** Exercise inputs follows **

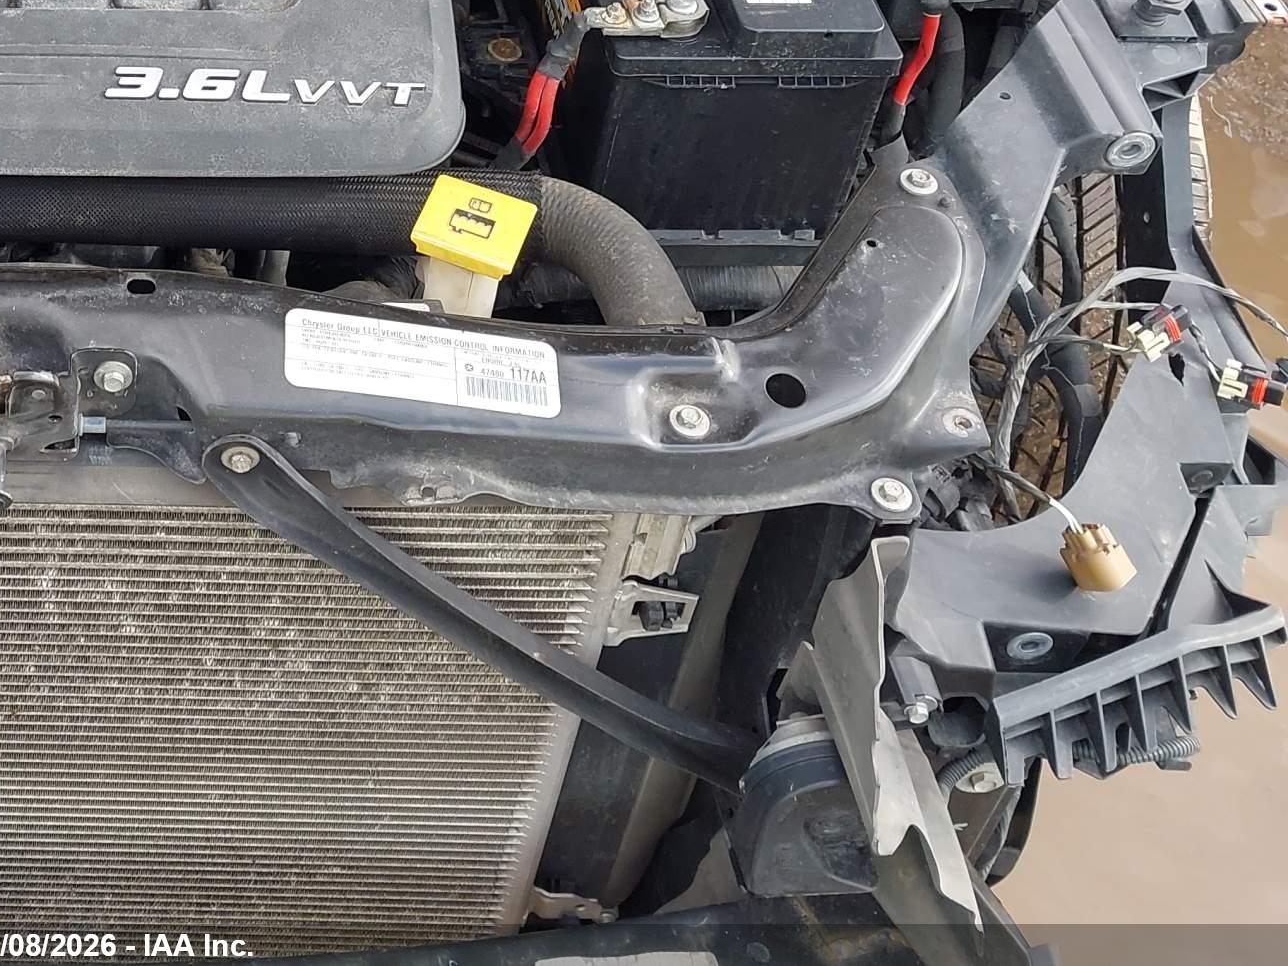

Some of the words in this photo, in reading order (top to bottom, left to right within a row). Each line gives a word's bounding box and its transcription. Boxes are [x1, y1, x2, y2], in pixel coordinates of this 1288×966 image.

[104, 66, 290, 103] 3.6L
[294, 79, 426, 108] VVT
[302, 318, 334, 329] Chrysler
[337, 323, 360, 334] Group
[364, 326, 378, 335] LLC
[380, 329, 412, 340] VEHICLE
[416, 334, 452, 346] EMISSION
[454, 339, 488, 350] CONTROL
[492, 345, 545, 358] INFORMATION
[510, 367, 546, 384] 117AA
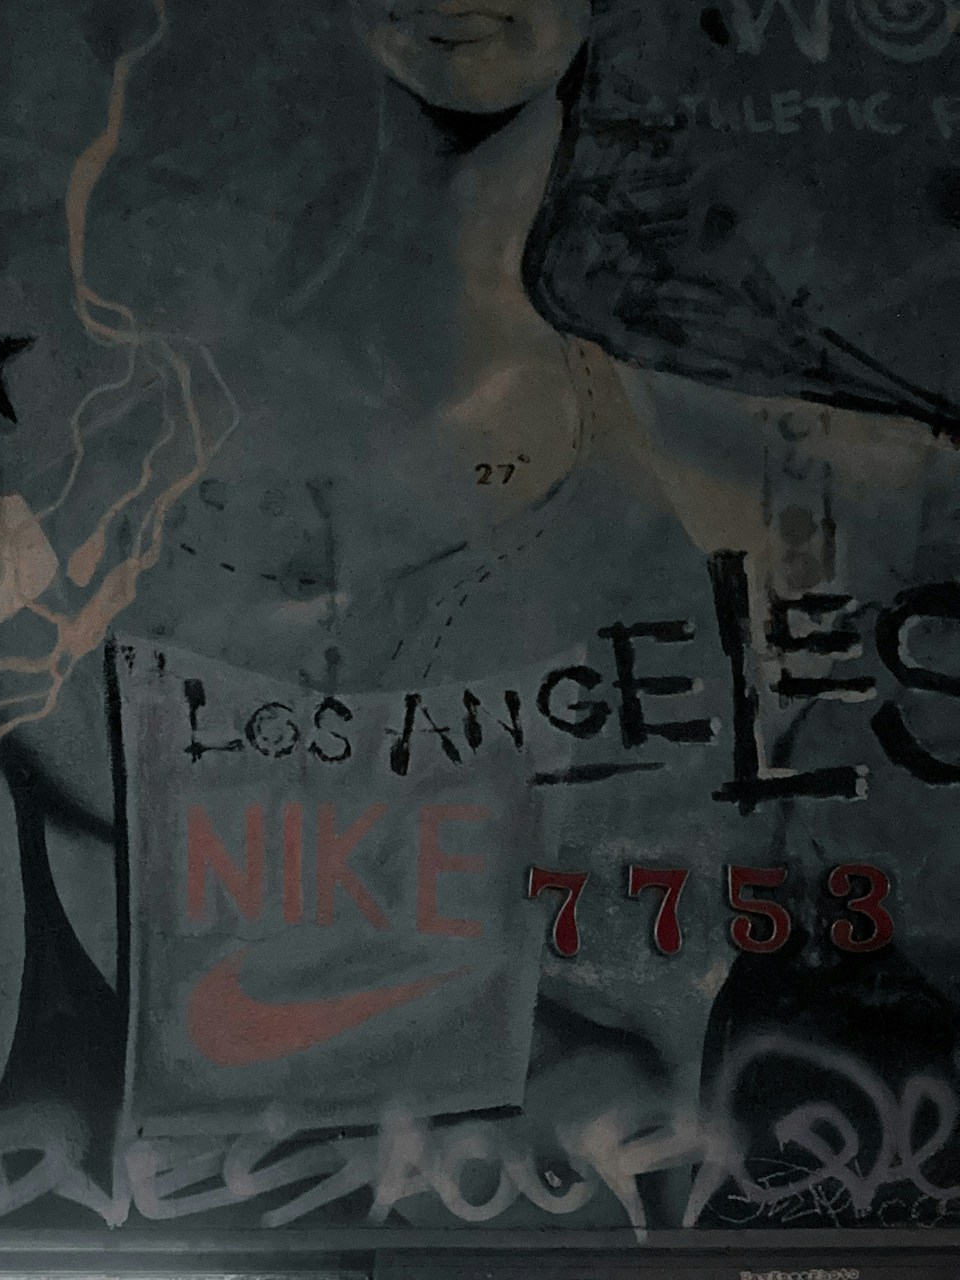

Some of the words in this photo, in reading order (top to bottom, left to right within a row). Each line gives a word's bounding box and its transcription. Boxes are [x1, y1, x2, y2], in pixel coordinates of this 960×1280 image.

** End of Exercise inputs **

Set every entry down again word for word, but not the pictures.

→ Result of the exercise:
Some of the words in this photo, in reading order (top to bottom, left to right within a row). Each line gives a word's bounding box and its transcription. Boxes are [x1, y1, x2, y2], in pixel coordinates of this 1288×966 image.

[104, 66, 290, 103] 3.6L
[294, 79, 426, 108] VVT
[302, 318, 334, 329] Chrysler
[337, 323, 360, 334] Group
[364, 326, 378, 335] LLC
[380, 329, 412, 340] VEHICLE
[416, 334, 452, 346] EMISSION
[454, 339, 488, 350] CONTROL
[492, 345, 545, 358] INFORMATION
[510, 367, 546, 384] 117AA

Some of the words in this photo, in reading order (top to bottom, left to right within a row). Each line gives a word's bounding box and its transcription. Boxes are [x1, y1, x2, y2], in pixel coordinates of this 960×1280 image.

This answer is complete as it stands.